A particularly interesting/telling series of lectures took place on Saturday afternoon and evening.  I went over to SBL to hear the Ussishkin Festschrift Session and then came back to ASOR to hear the session on the Archaeology of the City of David.  Both sessions were star-studded events with Israel Finkelstein, Naadav Naaman, David Schloen, and Baruch Halpern presenting in the first session and Amihai Mazar, Avraham Faust, and Andy Vaughn in the second (to name a few).  The SBL session was packed with people standing in the back and sitting on the floor, the ASOR session was also quite full but in a much larger room.  The SBL session had been moved from an even smaller room, making one wonder how seriously they take their archaeology.  In any case there was a real dichotomy between the two sessions one where the Low Chronology/Tel Aviv School was in full effect, and the other where the High Chronology was being favored.  It was quite a transition, going from Finkelstein tearing down the standard interpretation of Kh. Qeiyafa (while Garfinkel squirmed in the audience), to Vaughn pointing out all the flaws in Finkelstein’s interpretation of Jerusalem.

Despite the tension in the room (especially at SBL) there were many light moments as well. Finkelstein showed pictures of his great grandparents alongside Ussishkin’s grandparents back in Europe and told a story of Ussishkin’s parents staying at his grandparents hotel in Jerusalem and still owing them for a coffee.  At Faust’s lecture, he focused on redating Eilat Mazar’s monumental stone structure (called by her David’s Palace) to the Iron Age I, prompting Ayelet Gilboa (director of excavations at Tell Dor) to suggest he except the Low Chronology and then once again we could have David’s Palace (instead of a Jebusite stronghold).  I’ve written plenty here, maybe as there is time over Thanksgiving weekend I will write about a few of the more interesting lectures, and write a thorough critique of Finkelstein’s interpretation of Qeiyafa.


27 08 2010

The New York Times has posted an article discussing a new wave in scholarly journals, reviewing articles online.  The main example is Shakespeare Quarterly which made several articles available for review online.  These articles were reviewed by several scholars (making up the traditional peer-review) and also by anyone who logged in.  The journal has deemed the experiment a success.

I wonder how applicable this format can be in the realm of ancient near eastern archaeology.  I’m sure that with, its resemblance to wikipedia style editing and the ability for almost anyone to comment online, some scholars (Jim West, Bob Cargill I’m looking at you) will be hesitant.  I think given certain strict guidelines this format could be quite successful.

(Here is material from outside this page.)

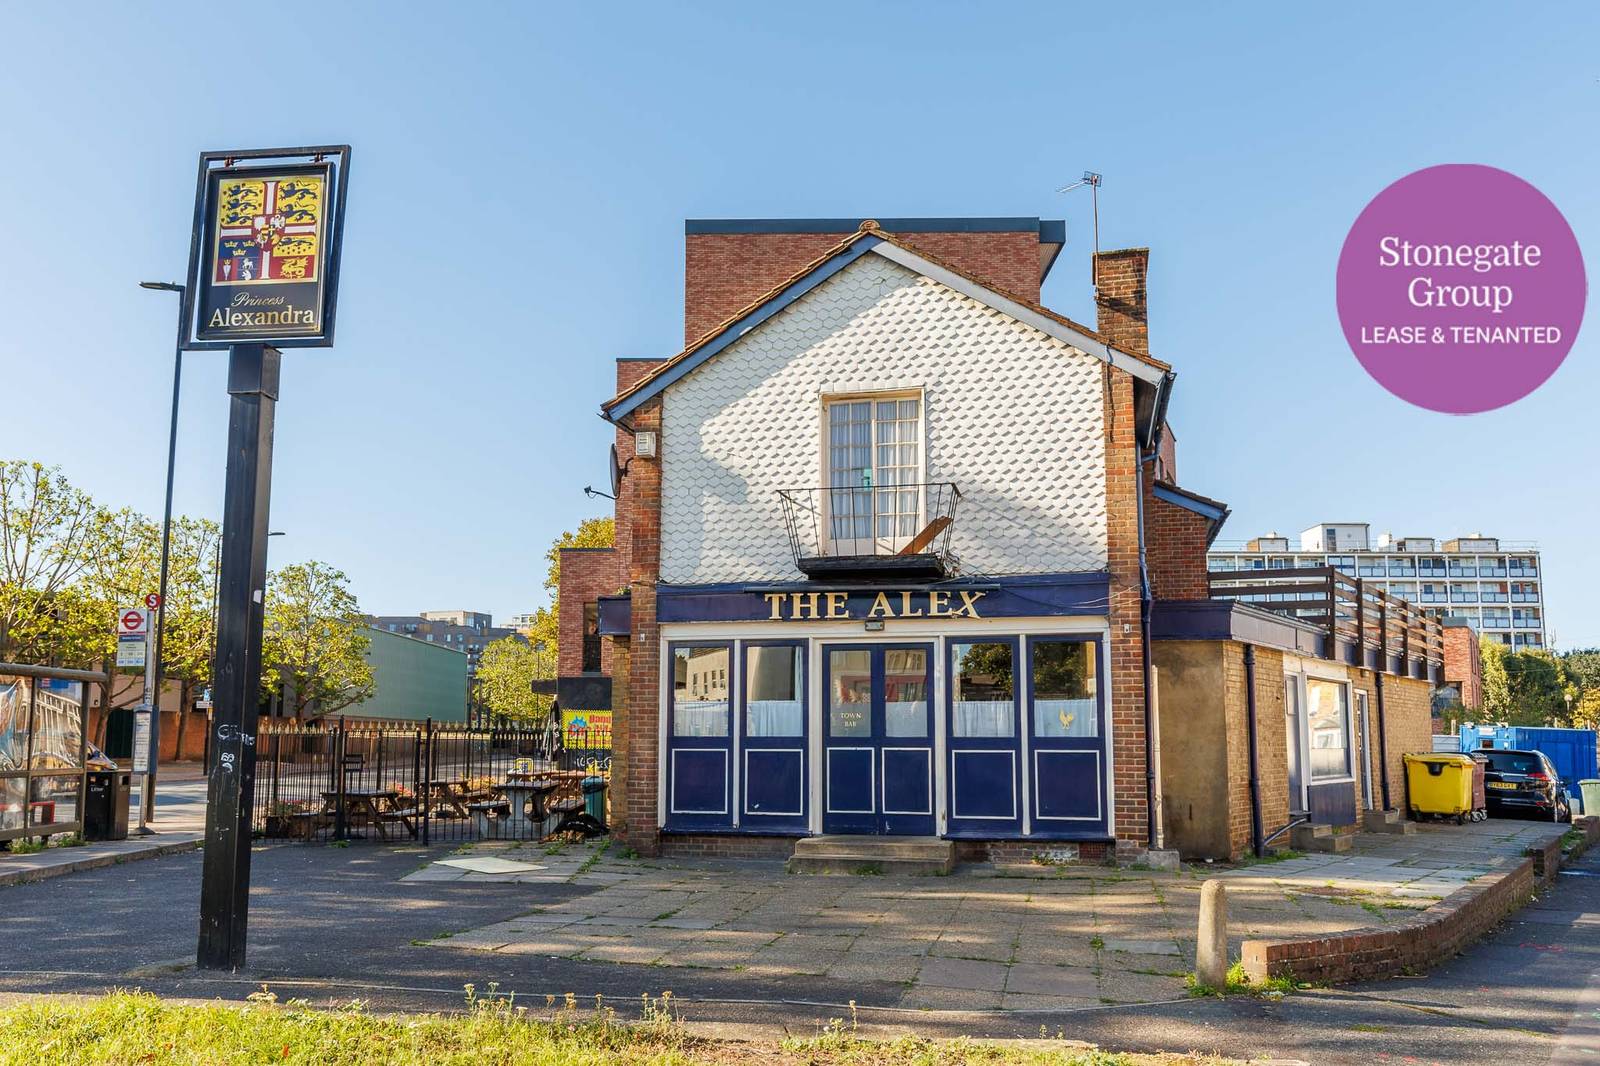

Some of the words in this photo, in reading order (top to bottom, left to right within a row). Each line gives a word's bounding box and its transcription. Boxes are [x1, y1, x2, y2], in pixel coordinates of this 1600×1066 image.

  1. Require the same scholarly input as in peer reviewed journals
  2. Allow anyone to comment as long as there name and information could be authenticated
  3. To go along with #2, perhaps only subscribers to the journal or people who paid a nominal fee for an online version should be allowed to comment
  4. Having an online editor of public comments would be necessary as well
  5. A quicker turnaround must be required, especially of the scholars who are doing the peer-review

The most important point is the fifth one.  This faster turnaround is a must even for peer-review journals.  In this digital age, where excavations have blogs and are publishing raw data online, scholars must get their information published much quicker.  Hopefully this new online format is an impetus for scholarly journals to rethink the way articles are accepted and published.